Em Itália penso que não, talvez façam comparações internas com outros autores italianos, mas no exterior, sim, há muitas comparações, claro, com Ferrante, porque ela é muito conhecida e foi traduzida em todo o lado. O meu livro vai ser publicado em Inglaterra e nos Estados Unidos. Lá, sim, estão a puxar por esse lado, Giulia Caminito está entre Sally Rooney e Eleanor Ferrante. Não sei se isso fará sentido no futuro, mas para mim é realmente, não sei, estúpido. Não acho que se possa pedir emprestado o nome de um escritor só porque é famoso. E depois toda a gente tem de ser como "ela", ou não ser como "ela", ou não há meio termo. Sim, de certa forma é irritante porque respeito e gosto muito da escrita da Ferrante mas... não é a minha cena. Todas as escritoras italianas penso que têm as suas próprias conversas individuais e uma ideia da sua literatura. Portanto, somos completamente diferentes. Só porque há uma história de uma mãe e de uma filha, és a nova Ferrante? É como se as mães e as filhas fossem toda a gente na literatura. Por vezes, isto é um pouco frustrante. Mas, por outro lado, temos muita sorte por ela ter sido tão lida em todo o mundo, porque é uma oportunidade para a literatura italiana ser vista.

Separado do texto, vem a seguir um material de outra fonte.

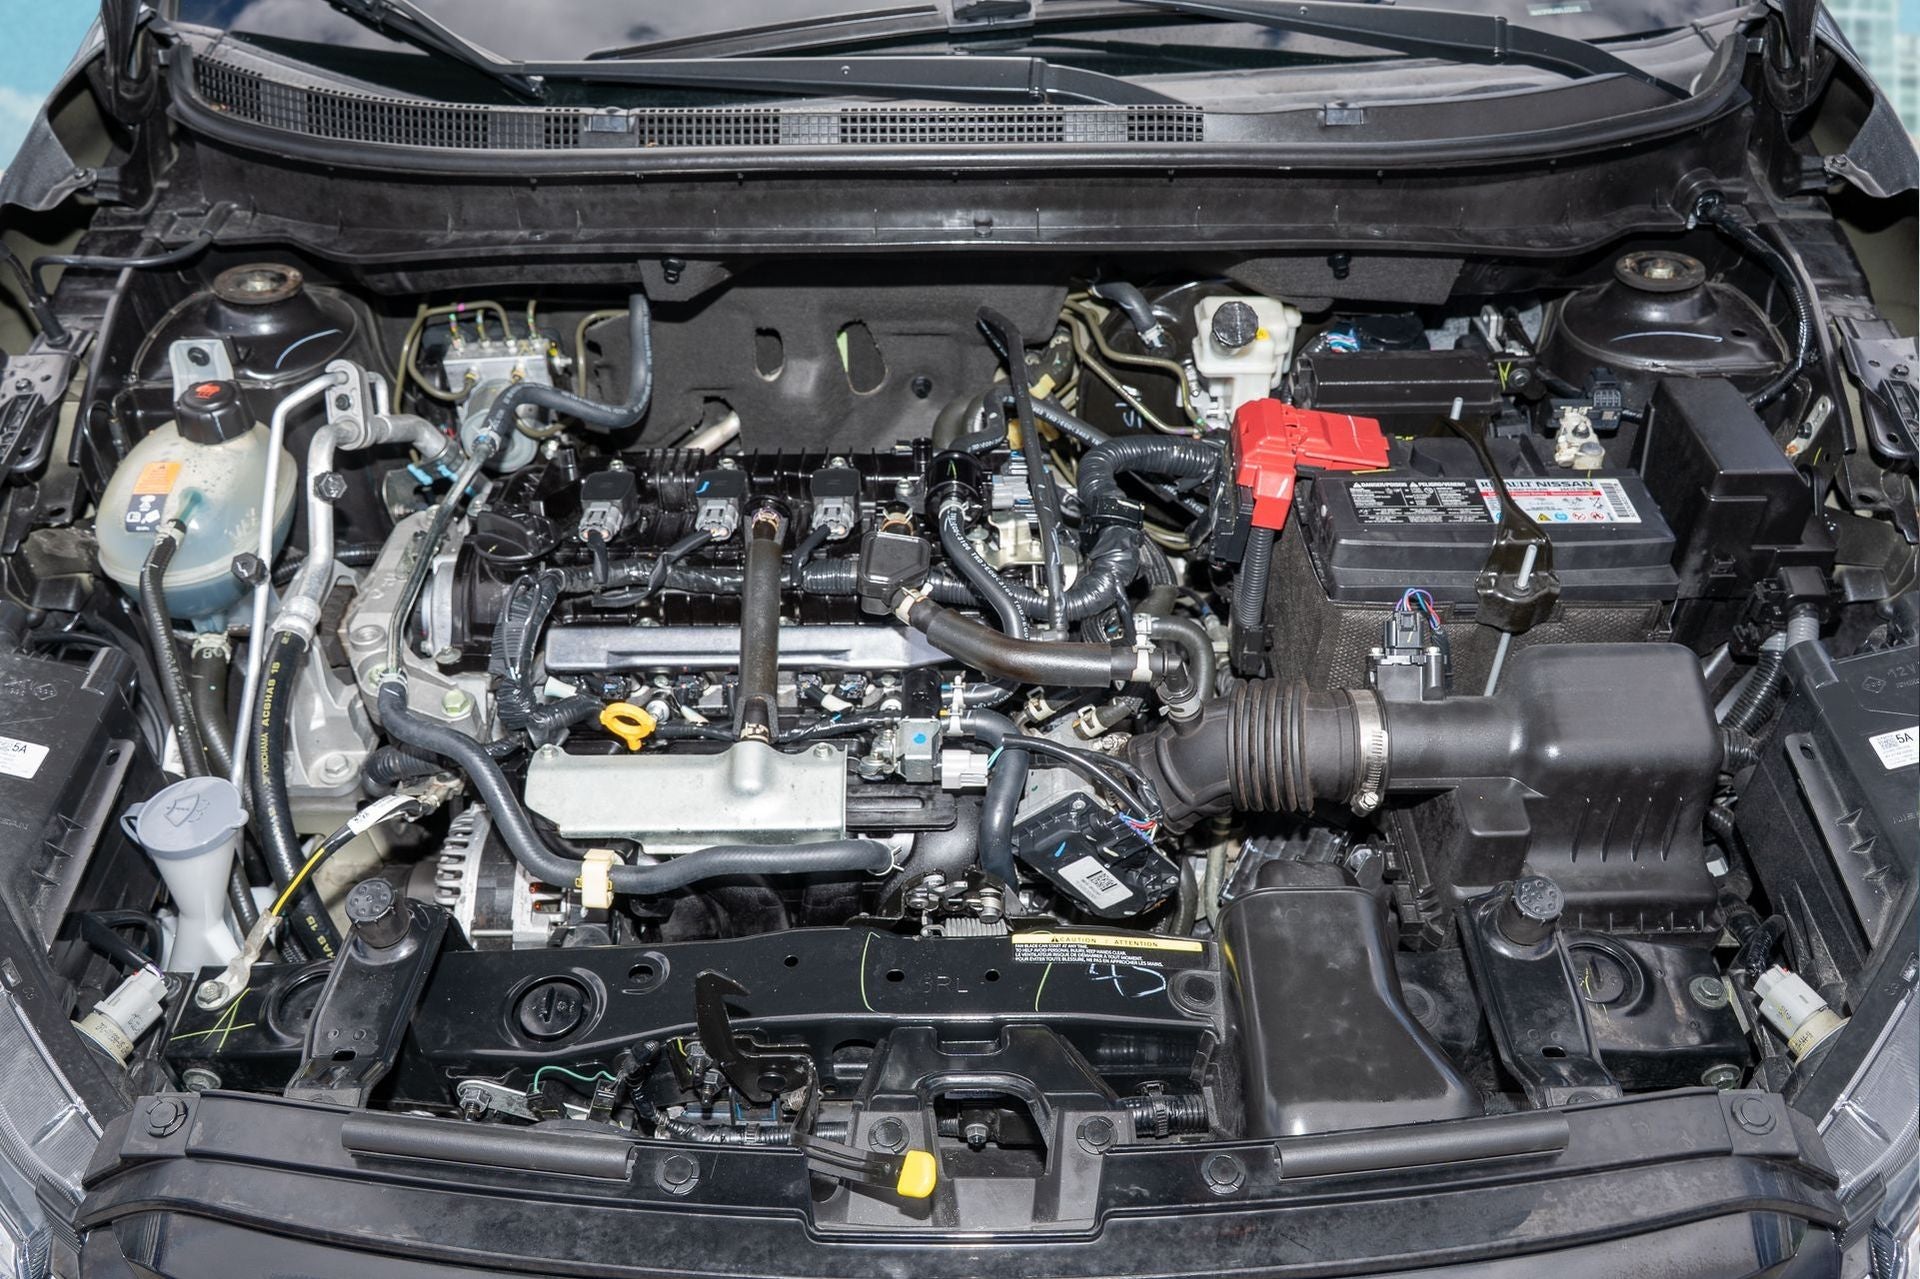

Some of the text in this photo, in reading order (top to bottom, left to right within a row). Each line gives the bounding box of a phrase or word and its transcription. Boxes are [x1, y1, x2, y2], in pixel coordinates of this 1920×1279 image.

Gostaria de ver o seu trabalho numa série de TV ou num filme? É uma possibilidade?
Sim, trabalhámos durante dois ou três anos num filme a partir deste livro, mas depois a produção decidiu parar o processo e agora estamos a fazer desde o início. Tenho alguma esperança no futuro da indústria cinematográfica em Itália, que é muito lenta e tem muitos problemas políticos. Mas sim, para já trabalhei num guião e isso foi muito estranho, foi complicado pensar no livro de outra forma. Espero, no futuro, ter a possibilidade de voltar a trabalhar no argumento deste livro.